§ Exercise brief:
Return the data that follows exactly, with each line intact.

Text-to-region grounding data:
-- Opening Marker --

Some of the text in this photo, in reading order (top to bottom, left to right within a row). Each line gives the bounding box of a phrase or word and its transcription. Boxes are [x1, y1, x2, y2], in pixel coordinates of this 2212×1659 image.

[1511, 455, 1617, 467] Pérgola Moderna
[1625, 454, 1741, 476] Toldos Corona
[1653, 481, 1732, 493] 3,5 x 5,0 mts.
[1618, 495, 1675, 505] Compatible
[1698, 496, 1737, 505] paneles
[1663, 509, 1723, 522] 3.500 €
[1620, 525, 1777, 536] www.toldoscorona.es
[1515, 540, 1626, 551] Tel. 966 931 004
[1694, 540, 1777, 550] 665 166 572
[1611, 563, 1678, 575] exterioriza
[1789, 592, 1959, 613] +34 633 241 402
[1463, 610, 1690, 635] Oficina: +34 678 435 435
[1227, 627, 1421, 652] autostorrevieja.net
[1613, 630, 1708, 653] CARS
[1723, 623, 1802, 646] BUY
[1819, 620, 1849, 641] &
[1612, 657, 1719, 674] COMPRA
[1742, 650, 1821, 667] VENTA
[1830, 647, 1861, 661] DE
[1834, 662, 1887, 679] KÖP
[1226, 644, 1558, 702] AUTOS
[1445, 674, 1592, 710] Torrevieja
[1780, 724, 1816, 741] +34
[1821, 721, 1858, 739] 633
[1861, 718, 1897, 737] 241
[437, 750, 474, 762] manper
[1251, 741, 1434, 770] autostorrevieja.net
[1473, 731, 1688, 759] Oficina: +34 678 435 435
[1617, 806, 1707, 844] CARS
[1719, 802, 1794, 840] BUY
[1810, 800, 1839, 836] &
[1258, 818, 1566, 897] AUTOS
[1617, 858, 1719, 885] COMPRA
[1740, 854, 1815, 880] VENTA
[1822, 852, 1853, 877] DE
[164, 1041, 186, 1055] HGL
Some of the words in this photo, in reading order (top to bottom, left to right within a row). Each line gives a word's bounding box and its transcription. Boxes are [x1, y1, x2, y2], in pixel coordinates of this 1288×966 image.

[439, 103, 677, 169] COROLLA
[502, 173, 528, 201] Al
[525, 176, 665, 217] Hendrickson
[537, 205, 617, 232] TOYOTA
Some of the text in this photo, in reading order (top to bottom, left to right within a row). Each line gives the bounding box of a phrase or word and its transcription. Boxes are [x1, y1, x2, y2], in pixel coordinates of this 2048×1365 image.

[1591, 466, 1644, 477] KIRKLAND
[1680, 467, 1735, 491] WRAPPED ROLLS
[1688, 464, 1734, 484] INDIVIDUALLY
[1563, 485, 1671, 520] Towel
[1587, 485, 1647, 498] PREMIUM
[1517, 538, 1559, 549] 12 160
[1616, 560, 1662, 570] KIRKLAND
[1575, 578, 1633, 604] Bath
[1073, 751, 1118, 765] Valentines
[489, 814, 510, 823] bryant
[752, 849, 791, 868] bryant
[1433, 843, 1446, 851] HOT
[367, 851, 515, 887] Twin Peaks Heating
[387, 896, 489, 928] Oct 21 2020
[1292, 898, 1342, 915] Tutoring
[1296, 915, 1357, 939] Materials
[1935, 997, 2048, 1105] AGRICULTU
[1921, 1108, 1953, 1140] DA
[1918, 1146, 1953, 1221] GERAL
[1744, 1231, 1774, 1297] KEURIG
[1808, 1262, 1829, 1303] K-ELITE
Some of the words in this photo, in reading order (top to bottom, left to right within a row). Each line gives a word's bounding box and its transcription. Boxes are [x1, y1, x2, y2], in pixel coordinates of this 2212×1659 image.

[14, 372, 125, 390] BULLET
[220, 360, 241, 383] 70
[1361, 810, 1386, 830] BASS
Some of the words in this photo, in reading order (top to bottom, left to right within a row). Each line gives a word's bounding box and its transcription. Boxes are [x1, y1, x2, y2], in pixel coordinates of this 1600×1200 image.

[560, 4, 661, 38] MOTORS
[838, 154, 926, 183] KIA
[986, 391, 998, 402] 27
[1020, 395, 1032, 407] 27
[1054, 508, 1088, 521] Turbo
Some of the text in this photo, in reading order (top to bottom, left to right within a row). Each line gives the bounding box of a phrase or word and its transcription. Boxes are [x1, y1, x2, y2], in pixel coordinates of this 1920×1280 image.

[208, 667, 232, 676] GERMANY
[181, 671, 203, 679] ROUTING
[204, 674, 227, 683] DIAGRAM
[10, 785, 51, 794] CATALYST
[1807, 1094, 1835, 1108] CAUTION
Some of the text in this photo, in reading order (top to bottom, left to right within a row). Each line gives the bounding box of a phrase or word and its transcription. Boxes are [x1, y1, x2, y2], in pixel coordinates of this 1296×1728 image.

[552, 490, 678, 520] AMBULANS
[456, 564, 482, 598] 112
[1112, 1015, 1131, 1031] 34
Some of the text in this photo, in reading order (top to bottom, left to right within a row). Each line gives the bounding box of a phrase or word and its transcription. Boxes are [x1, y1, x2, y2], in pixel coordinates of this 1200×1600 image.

-- Closing Marker --

§ Answer section:
Some of the text in this photo, in reading order (top to bottom, left to right within a row). Each line gives the bounding box of a phrase or word and its transcription. Boxes are [x1, y1, x2, y2], in pixel coordinates of this 2212×1659 image.

[1511, 455, 1617, 467] Pérgola Moderna
[1625, 454, 1741, 476] Toldos Corona
[1653, 481, 1732, 493] 3,5 x 5,0 mts.
[1618, 495, 1675, 505] Compatible
[1698, 496, 1737, 505] paneles
[1663, 509, 1723, 522] 3.500 €
[1620, 525, 1777, 536] www.toldoscorona.es
[1515, 540, 1626, 551] Tel. 966 931 004
[1694, 540, 1777, 550] 665 166 572
[1611, 563, 1678, 575] exterioriza
[1789, 592, 1959, 613] +34 633 241 402
[1463, 610, 1690, 635] Oficina: +34 678 435 435
[1227, 627, 1421, 652] autostorrevieja.net
[1613, 630, 1708, 653] CARS
[1723, 623, 1802, 646] BUY
[1819, 620, 1849, 641] &
[1612, 657, 1719, 674] COMPRA
[1742, 650, 1821, 667] VENTA
[1830, 647, 1861, 661] DE
[1834, 662, 1887, 679] KÖP
[1226, 644, 1558, 702] AUTOS
[1445, 674, 1592, 710] Torrevieja
[1780, 724, 1816, 741] +34
[1821, 721, 1858, 739] 633
[1861, 718, 1897, 737] 241
[437, 750, 474, 762] manper
[1251, 741, 1434, 770] autostorrevieja.net
[1473, 731, 1688, 759] Oficina: +34 678 435 435
[1617, 806, 1707, 844] CARS
[1719, 802, 1794, 840] BUY
[1810, 800, 1839, 836] &
[1258, 818, 1566, 897] AUTOS
[1617, 858, 1719, 885] COMPRA
[1740, 854, 1815, 880] VENTA
[1822, 852, 1853, 877] DE
[164, 1041, 186, 1055] HGL
Some of the words in this photo, in reading order (top to bottom, left to right within a row). Each line gives a word's bounding box and its transcription. Boxes are [x1, y1, x2, y2], in pixel coordinates of this 1288×966 image.

[439, 103, 677, 169] COROLLA
[502, 173, 528, 201] Al
[525, 176, 665, 217] Hendrickson
[537, 205, 617, 232] TOYOTA
Some of the text in this photo, in reading order (top to bottom, left to right within a row). Each line gives the bounding box of a phrase or word and its transcription. Boxes are [x1, y1, x2, y2], in pixel coordinates of this 2048×1365 image.

[1591, 466, 1644, 477] KIRKLAND
[1680, 467, 1735, 491] WRAPPED ROLLS
[1688, 464, 1734, 484] INDIVIDUALLY
[1563, 485, 1671, 520] Towel
[1587, 485, 1647, 498] PREMIUM
[1517, 538, 1559, 549] 12 160
[1616, 560, 1662, 570] KIRKLAND
[1575, 578, 1633, 604] Bath
[1073, 751, 1118, 765] Valentines
[489, 814, 510, 823] bryant
[752, 849, 791, 868] bryant
[1433, 843, 1446, 851] HOT
[367, 851, 515, 887] Twin Peaks Heating
[387, 896, 489, 928] Oct 21 2020
[1292, 898, 1342, 915] Tutoring
[1296, 915, 1357, 939] Materials
[1935, 997, 2048, 1105] AGRICULTU
[1921, 1108, 1953, 1140] DA
[1918, 1146, 1953, 1221] GERAL
[1744, 1231, 1774, 1297] KEURIG
[1808, 1262, 1829, 1303] K-ELITE
Some of the words in this photo, in reading order (top to bottom, left to right within a row). Each line gives a word's bounding box and its transcription. Boxes are [x1, y1, x2, y2], in pixel coordinates of this 2212×1659 image.

[14, 372, 125, 390] BULLET
[220, 360, 241, 383] 70
[1361, 810, 1386, 830] BASS
Some of the words in this photo, in reading order (top to bottom, left to right within a row). Each line gives a word's bounding box and its transcription. Boxes are [x1, y1, x2, y2], in pixel coordinates of this 1600×1200 image.

[560, 4, 661, 38] MOTORS
[838, 154, 926, 183] KIA
[986, 391, 998, 402] 27
[1020, 395, 1032, 407] 27
[1054, 508, 1088, 521] Turbo
Some of the text in this photo, in reading order (top to bottom, left to right within a row). Each line gives the bounding box of a phrase or word and its transcription. Boxes are [x1, y1, x2, y2], in pixel coordinates of this 1920×1280 image.

[208, 667, 232, 676] GERMANY
[181, 671, 203, 679] ROUTING
[204, 674, 227, 683] DIAGRAM
[10, 785, 51, 794] CATALYST
[1807, 1094, 1835, 1108] CAUTION
Some of the text in this photo, in reading order (top to bottom, left to right within a row). Each line gives the bounding box of a phrase or word and its transcription. Boxes are [x1, y1, x2, y2], in pixel coordinates of this 1296×1728 image.

[552, 490, 678, 520] AMBULANS
[456, 564, 482, 598] 112
[1112, 1015, 1131, 1031] 34
Some of the text in this photo, in reading order (top to bottom, left to right within a row). Each line gives the bounding box of a phrase or word and its transcription. Boxes are [x1, y1, x2, y2], in pixel coordinates of this 1200×1600 image.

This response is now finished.